In vivo muscle transfection and electroporation

The methods to construct plasmid vectors encoding shRNA have been described elsewhere66. The murine 19 nucleotide target sequences corresponding to: GGC CCG ATT GCT TCG AGA A (Nrf1) and pRFP-C-RS scrambled shRNA plasmid vectors were obtained from OriGene (TR30015). For analgesia, mice were administered Buprenorphine (0.1 mg/kg) subcutaneously before and every 4–6 h during the day and in drinking water overnight for 2 days and nights after electroporation. Mice were anesthetized with isoflurane. The tibialis anterior (TA) muscle was exposed and injected with 50 μl (8 IU) of hyaluronidase (Sigma) two hours before being injected with 50 μl of 2 μg/μl shRNA plasmid DNA. Electroporation was then performed by applying three 30 ms pulses of 150 V/cm with a 50 ms pulse interval using a NEPA21 electroporation system (NepaGene). Mice were analyzed 2 weeks after electroporation.

In vitro muscle force

In vitro muscle force was measured in the fast-twitch extensor digitorum longus (EDL) and slow-twitch soleus muscles. After careful isolation, muscle tendons were tied with surgical suture at each end and mounted on the 1200 A Isolated Muscle System (Aurora Scientific, Aurora, ON, Canada) in an organ bath containing 60 mL of Ringer solution (137 mM NaCl, 24 mM NaHCO3, 11 mM Glucose, 5 mM KCl, 2 mM CaCl2, 1 mM MgSO4, 1 mM NaH2PO4) gassed with 95% O2; 5% CO2 at 30 °C. After defining optimal length, muscles were stimulated with 15 V pulses. Muscle force was recorded in response to 500 ms pulses of 10–250 Hz. Muscle fatigue was assessed by 6 min of repeated tetanic stimulations at 200 Hz for EDL and 120 Hz for SOL, respectively, separated by 8 s.

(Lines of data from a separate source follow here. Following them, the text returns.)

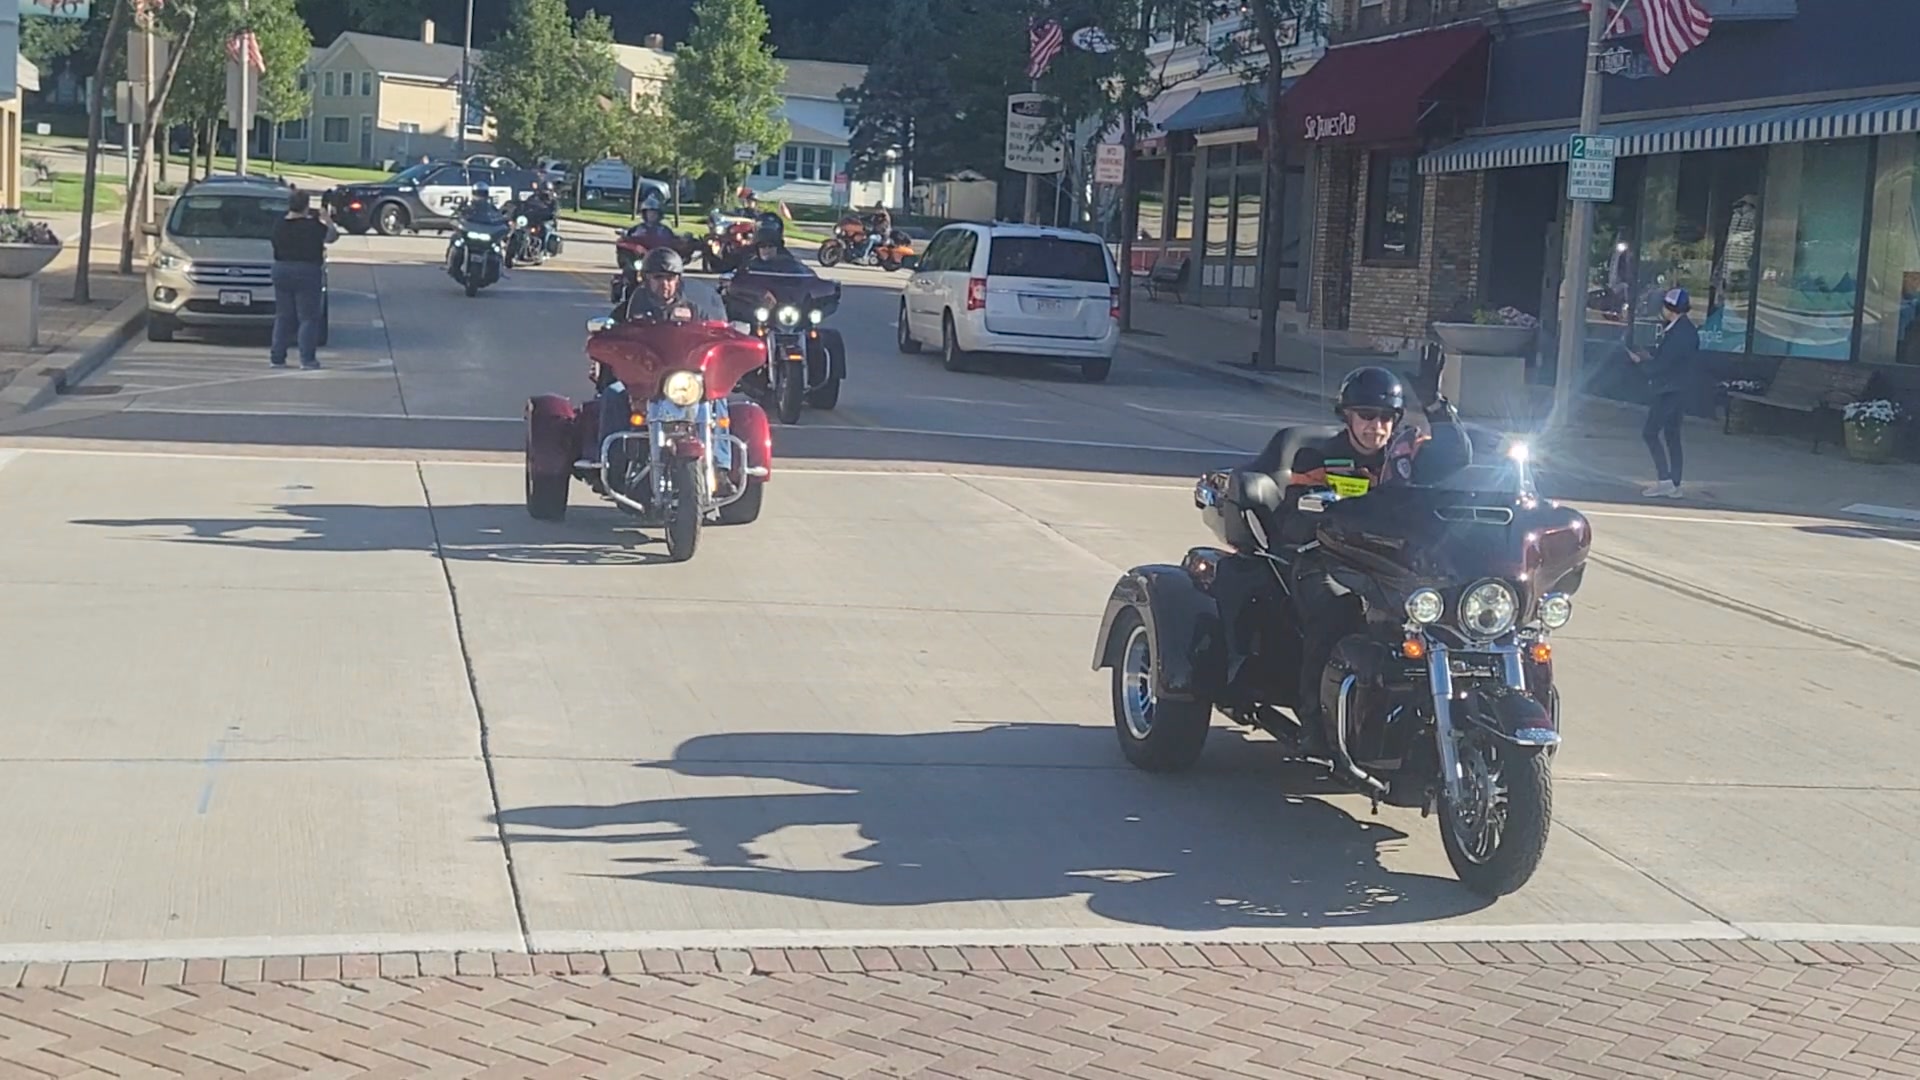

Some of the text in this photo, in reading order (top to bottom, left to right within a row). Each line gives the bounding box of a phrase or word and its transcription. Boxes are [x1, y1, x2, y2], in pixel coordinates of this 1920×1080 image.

[1107, 147, 1117, 156] NO
[1573, 138, 1584, 157] 2
[1586, 149, 1612, 158] PARKING
[1016, 154, 1044, 165] Parking
[1099, 158, 1122, 167] PARKING
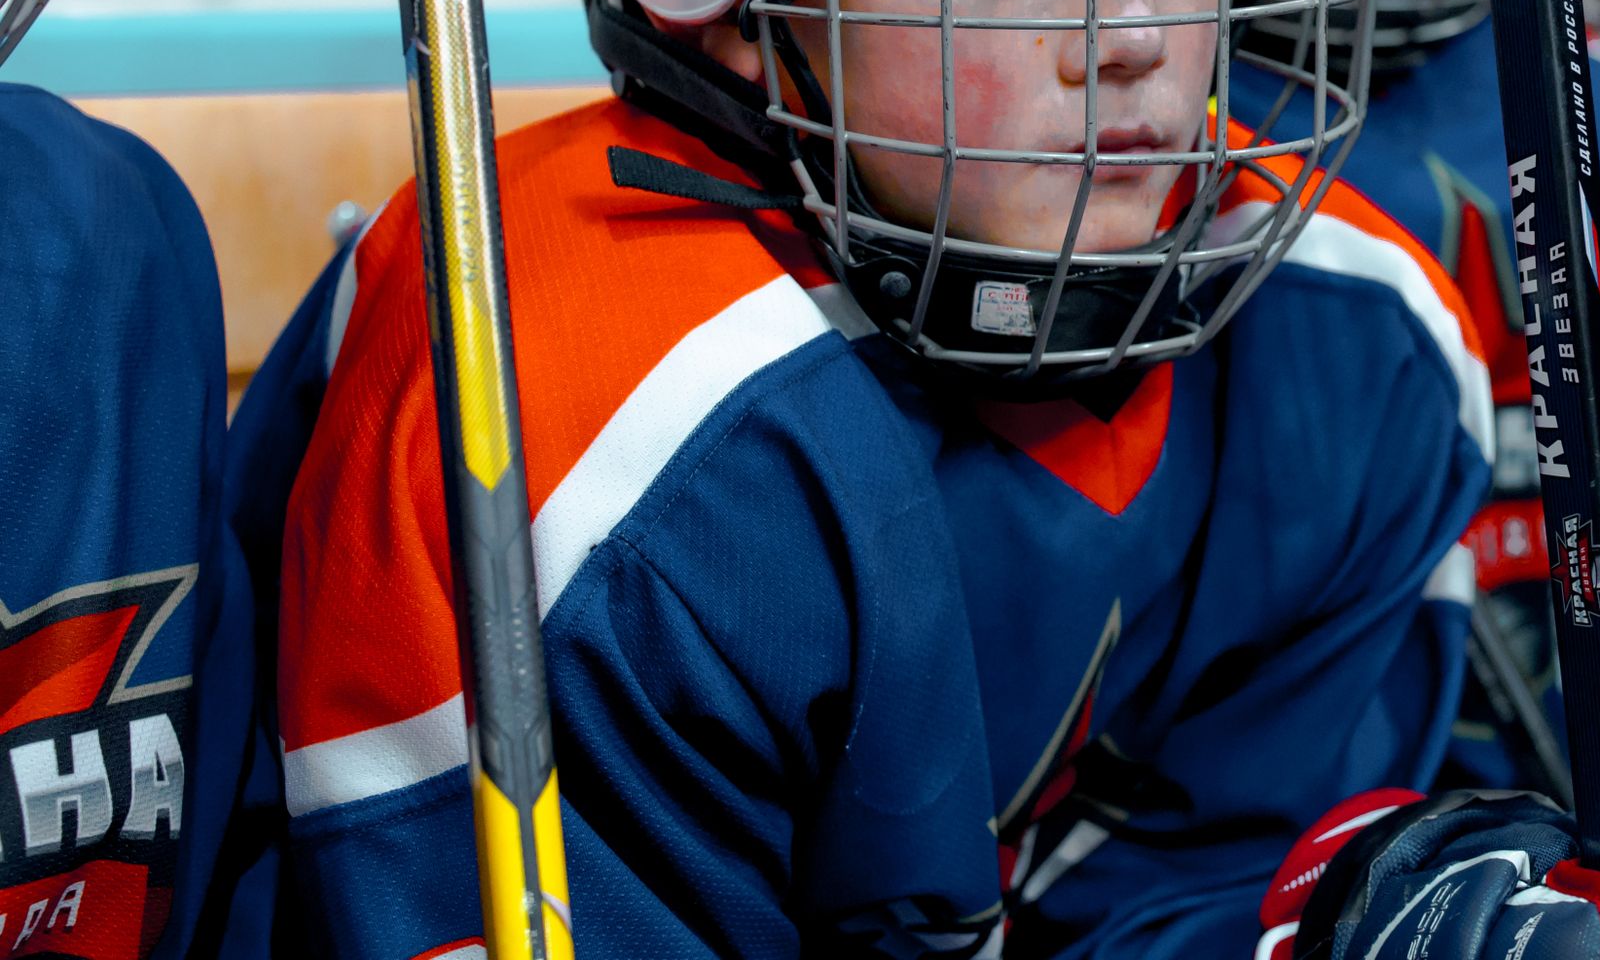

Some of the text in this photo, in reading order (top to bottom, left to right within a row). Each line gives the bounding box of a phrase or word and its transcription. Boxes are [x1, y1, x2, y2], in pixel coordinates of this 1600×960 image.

[1569, 60, 1582, 75] В
[1571, 80, 1592, 177] СДЕЛАНО
[1564, 516, 1590, 624] КРАСНАЯ

Statistics and reproducibility

All values are expressed as mean ± SEM, unless otherwise stated. Data were tested for normality and homogeneity of variance using a Shapiro–Wilk and Levene’s test, respectively. Data were analyzed in GraphPad Prism 9. Student’s t tests were used for pairwise comparisons, while one-way ANOVAs with Fisher’s LSD post hoc tests were used to compare between three groups, so long as the ANOVA reached statistical significance. Two-way ANOVAs with Sidak post hoc tests, or two-way repeated-measure ANOVAs for multiple recordings over time, were used to compare between groups with two independent variables. Both significant differences (P < 0.05) and trends (P < 0.1) are reported where appropriate. For each model, multiple independent experiments were conducted either using different treatment times (iTSCmKO and TSC-AKT studies) or different sets of mice (TSC-RM and Nrf1-kd studies) with comparable results.

Reporting summary

Further information on research design is available in the Nature Research Reporting Summary linked to this article.